PROBLEM DESCRIPTION:
Nothing but the data below, returned exactly, should appear in the answer.

DATASET RECORDS:
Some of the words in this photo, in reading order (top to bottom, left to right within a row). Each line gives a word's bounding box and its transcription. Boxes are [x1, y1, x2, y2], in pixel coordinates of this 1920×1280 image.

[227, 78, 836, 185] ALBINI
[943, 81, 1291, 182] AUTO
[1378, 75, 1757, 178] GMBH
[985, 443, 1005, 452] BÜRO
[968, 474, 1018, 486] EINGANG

SOLUTION FOR THIS TASK:
Some of the words in this photo, in reading order (top to bottom, left to right within a row). Each line gives a word's bounding box and its transcription. Boxes are [x1, y1, x2, y2], in pixel coordinates of this 1920×1280 image.

[227, 78, 836, 185] ALBINI
[943, 81, 1291, 182] AUTO
[1378, 75, 1757, 178] GMBH
[985, 443, 1005, 452] BÜRO
[968, 474, 1018, 486] EINGANG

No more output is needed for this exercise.